= 2020s in social history =

This is a social history of the 2020s. Social history refers to changes affecting societies and the lived experiences of their members.

== Global issues ==

=== Social effects of the COVID-19 pandemic ===

The impact on personal gatherings was strong as medical experts advised, and local authorities often mandated stay-at-home orders to prevent gatherings of any size, not just the larger events that were initially restricted. Such gatherings could be replaced by teleconferencing, or in some cases with unconventional attempts to maintain social distancing with activities such as a balcony sing-along for a concert, or a "birthday parade" for a birthday party. Replacements for gatherings were seen as significant to mental health during the crisis. Social isolation among alcohol users also adopted a trend towards Kalsarikänni or "pantsdrunking", a Finnish antisocial drinking culture.

Low income individuals were more likely to contract the coronavirus and to die from it. In both New York City and Barcelona, low income neighborhoods were disproportionately hit by coronavirus cases. Hypotheses for why this was the case included that poorer families were more likely to live in crowded housing and work in low skill jobs, such as supermarkets and elder care, which were deemed essential during the crisis. In the United States, millions of low-income people may lack access to health care due to being uninsured or underinsured. Millions of Americans lost their health insurance after losing their jobs. Many low income workers in service jobs became unemployed.

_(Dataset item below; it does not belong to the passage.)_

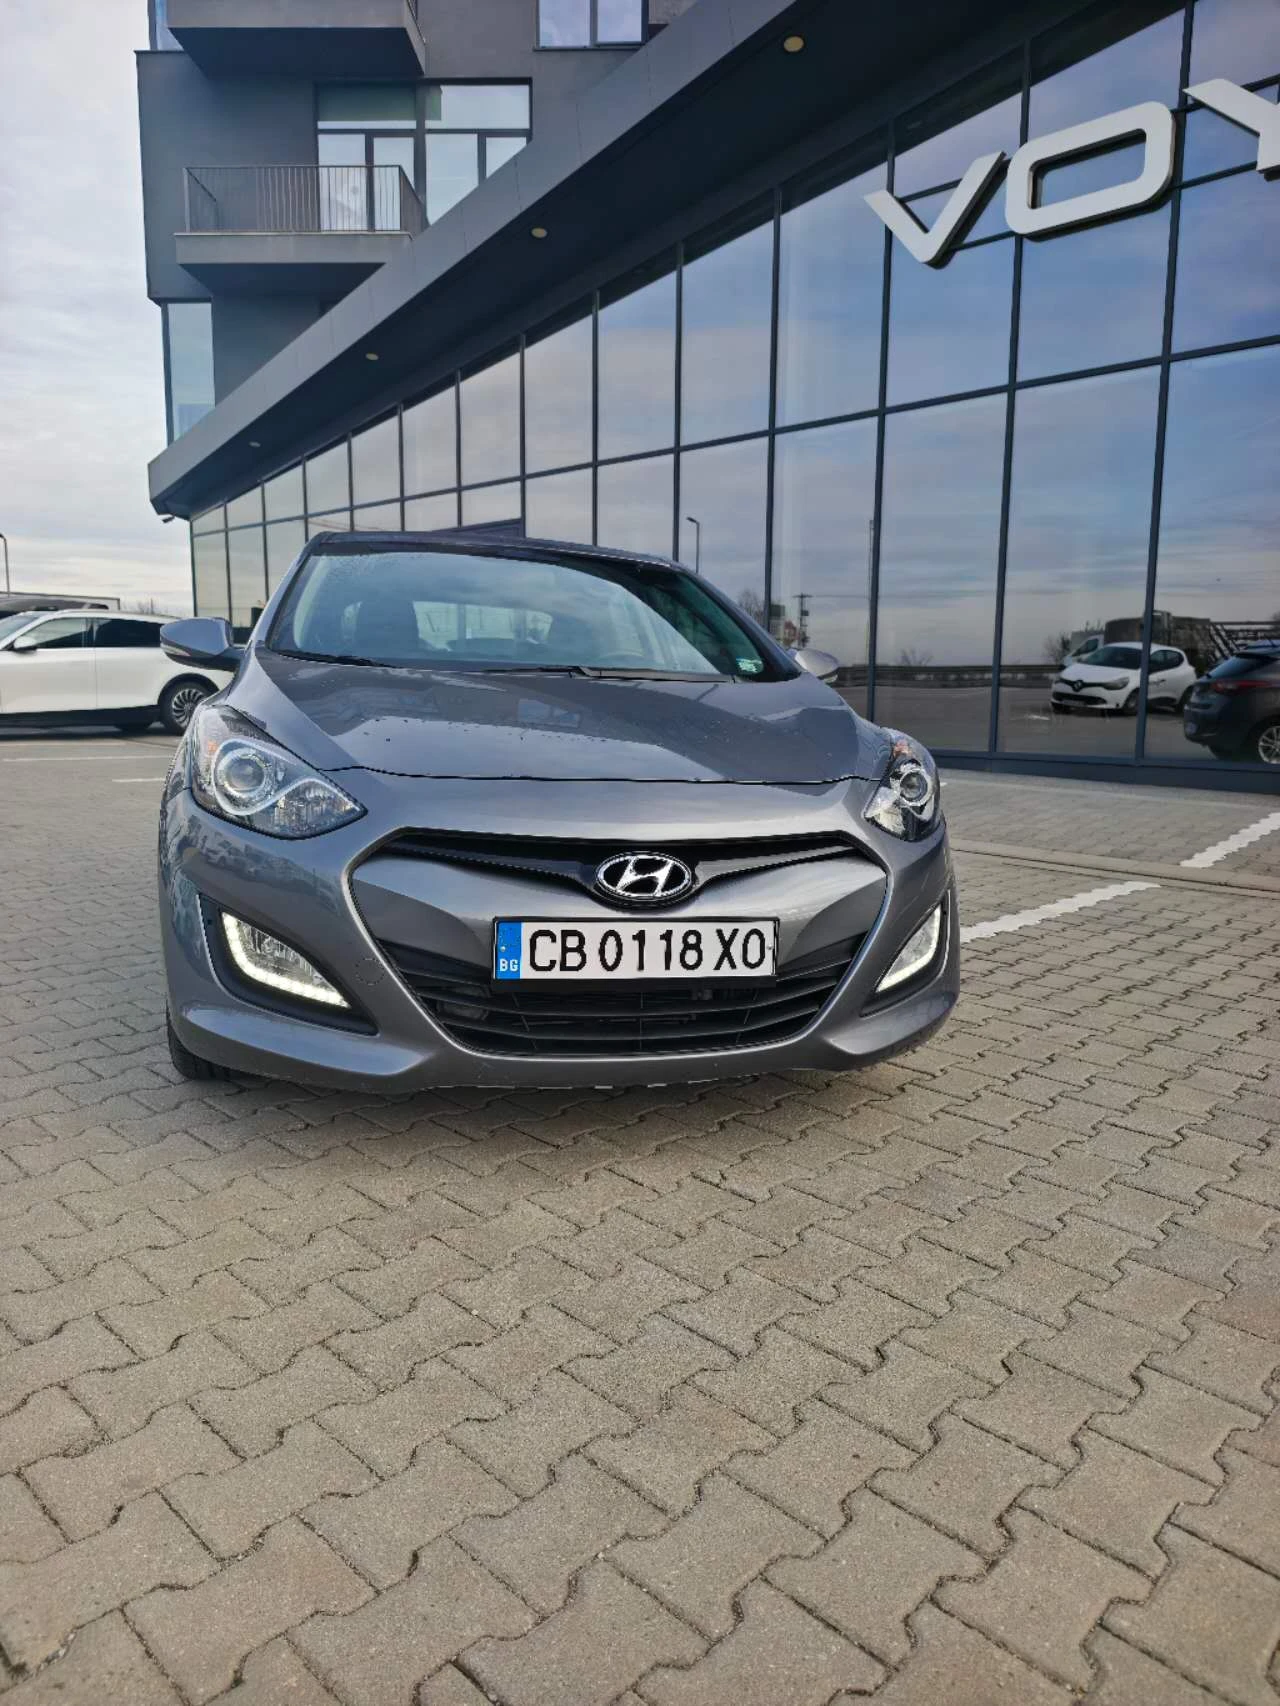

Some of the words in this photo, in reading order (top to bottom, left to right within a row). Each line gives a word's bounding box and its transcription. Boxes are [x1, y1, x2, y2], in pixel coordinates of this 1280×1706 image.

[529, 929, 587, 972] CB
[599, 929, 703, 972] 0118
[499, 958, 519, 972] BG

The coronavirus pandemic was followed by concern for a potential spike in suicides, exacerbated by social isolation due to quarantine and social-distancing guidelines, fear, and unemployment and financial factors. Many countries reported an increase in domestic violence and intimate partner violence attributed to lockdowns amid the COVID-19 pandemic. Financial insecurity, stress, and uncertainty led to increased aggression at home, with abusers able to control large amounts of their victims' daily life. United Nations Secretary-General António Guterres called for a domestic violence "ceasefire".

=== Race ===
The murder of George Floyd has led to many protest and riots across the United States and internationally. The stated goal of the protest has been to end police brutality and racial inequality.

=== Gender ===
The World Economic Forum published a report on the global gender gap in January 2020 that concludes gender parity will not be reached for 99.5 years. The report benchmarks 153 countries in four dimensions: Economic Participation and Opportunity, Educational Attainment, Health and Survival, and Political Empowerment. The top-ranking country for parity is Iceland, and Albania, Ethiopia, Mali, Mexico, and Spain are the most improved. At least 35 countries have achieved gender parity in education, and 71 have closed at least 97% of the gap in health. Political empowerment remains poor—85 countries have never had a female head of state and women hold only 25% of all available positions, while eight countries have no women in government at all. Globally, only 55% of women (ages 15–64) are economically active, compared to 78% of men. 72 countries do not allow women to open bank accounts or obtain credit.

=== Sexual minorities ===

- Switzerland banned discrimination on the basis of sexuality based on a referendum, putting into effect a law previously introduced in 2018, that was subsequently blocked by the government that requested a referendum to be held on the matter first.
- In Northern Ireland, the first same-sex marriage, after legislation to allow this took effect in January 2020.
- In Costa Rica, same-sex marriage and joint adoption by same-sex couples became legal on 26 May 2020.
- In the United States, the Supreme Court ruled that job discrimination against workers for their sexual orientation or gender identity is illegal.
- The Trump Administration passed a law on 12 June 2020 removing protections against discrimination from LGBTQ people in terms of health care and health insurance in the United States.

=== Drug policy ===
Drug policies continues to evolve, in particular in relation to cannabis and psychedelics. Landmark events internationally were:

- International law: the removal of cannabis and cannabis resin from Schedule IV of the treaty on narcotics, in December 2020.
- Germany: the announcement by the government elected in 2021 of the upcoming legalization of cannabis in Germany.
- United States: the pardon of minor marijuana-related federal offences and announcement of cannabis rescheduling by U.S. president Joe Biden on 6 October 2022.

=== Technology ===
Trends in technology include greater use of artificial intelligence (AI), autonomous vehicles (AV), virtual reality, a ten-year human lifespan increase (due to better drugs, stem cell manipulation, and gene therapy), renewable and sustainable energy, and space (commercialization, weaponization, and exploration).